The problem of choosing a genetically engineered biological drug in a patient with severe bronchial asthma

Abstract

Severe bronchial asthma (SA) is asthma whose symptoms are not controlled by high doses of inhaled glucocorticosteroids, the main drug in the treatment of asthma. SA is associated with a high economic burden and remains a serious public health problem. Modern advances in understanding the molecular mechanisms underlying respiratory tract inflammation have led to the development of monoclonal antibody therapy.
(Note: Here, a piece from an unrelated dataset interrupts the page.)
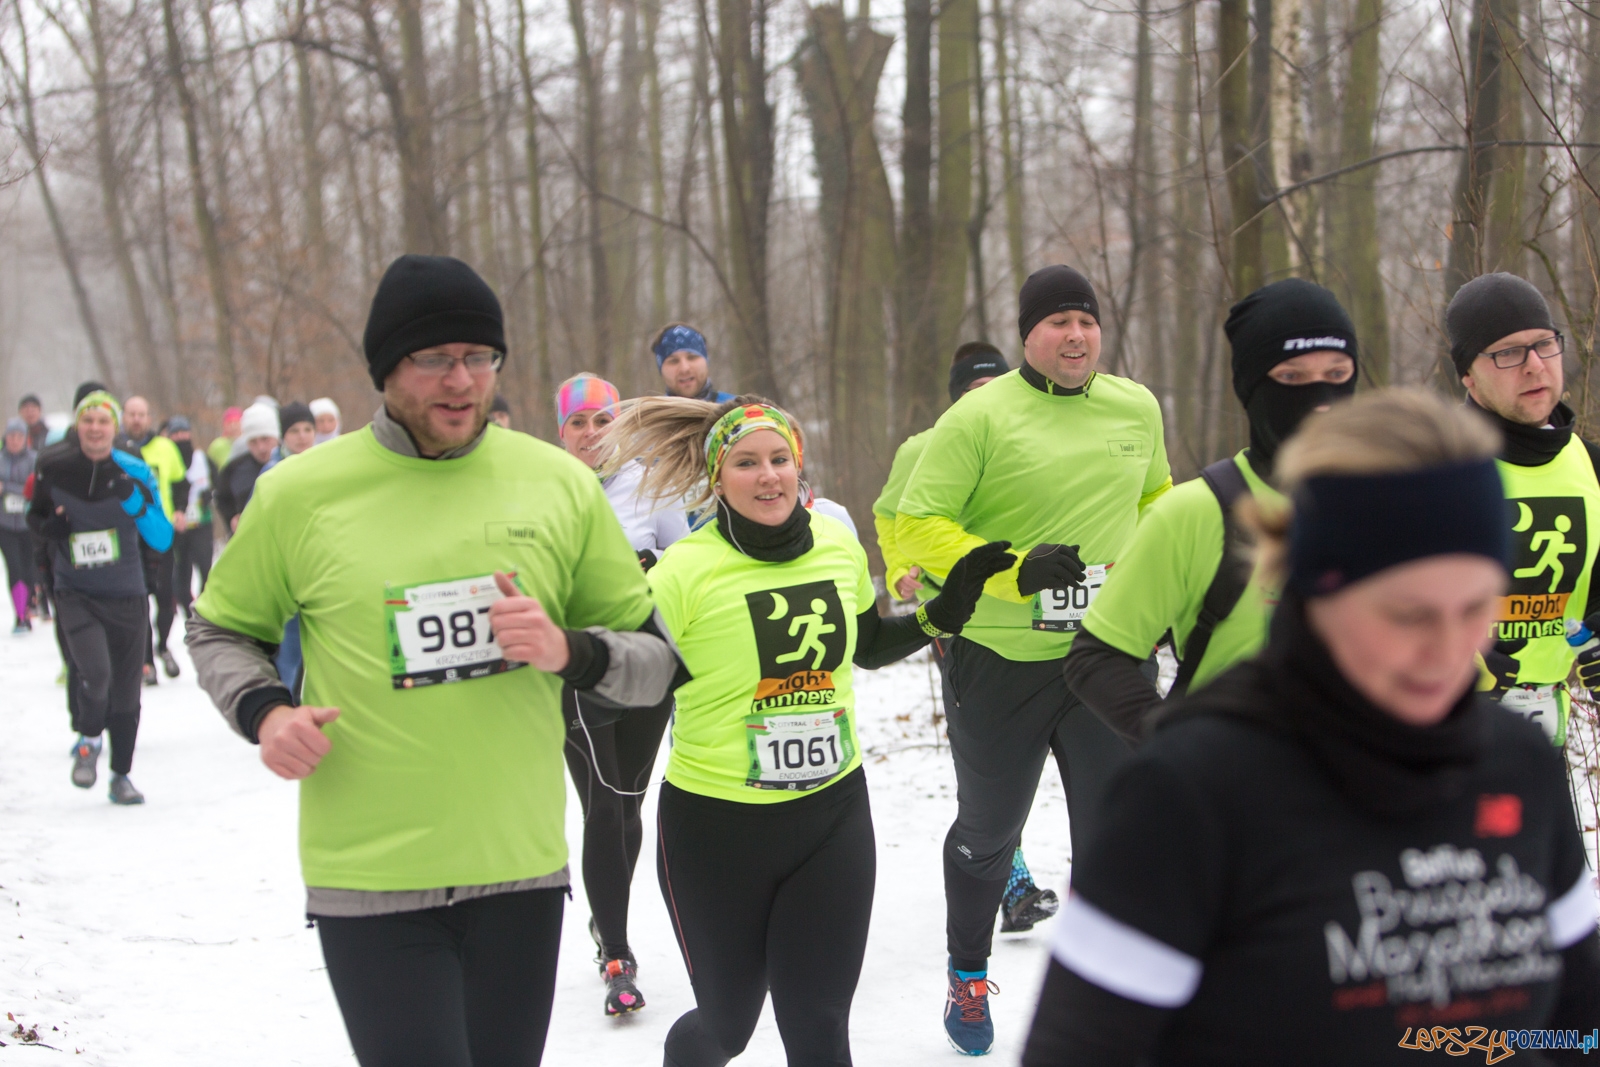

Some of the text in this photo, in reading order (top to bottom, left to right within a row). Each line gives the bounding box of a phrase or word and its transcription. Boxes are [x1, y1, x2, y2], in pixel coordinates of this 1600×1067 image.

[80, 541, 107, 558] 164
[752, 689, 836, 714] runners
[768, 734, 838, 770] 1061
[778, 768, 830, 780] ENDOWOMAN
In recent years, the approach to the treatment of patients with SA has undergone significant changes: six biological drugs have shown their effectiveness in phase 3 studies, especially in reducing exacerbations, improving asthma control, quality of life, lung function and the abolition of systemic corticosteroids or at least reducing their daily dose, with some differences between them. Choosing a targeted drug is always a difficult task, involving a thorough assessment of clinical, anamnestic and laboratory parameters. Biologics have different targets of exposure and, therefore, different therapeutic indications should be expected; however, some patients may be shown more than one drug, which makes it difficult to choose. The analysis of markers of eosinophilic inflammation makes it possible to determine the mechanisms of pathogenesis, predict the response to treatment, monitor its effectiveness or disease progression. Other factors that need to be analyzed are the frequency of symptoms, asthma triggers, baseline spirometry, oral corticosteroid intake status, frequency of exacerbations and concomitant diseases. The appointment of targeted therapy without a thorough assessment of clinical, functional and laboratory parameters, as well as the lack of control of these indicators during therapy can lead to insufficient effectiveness of treatment.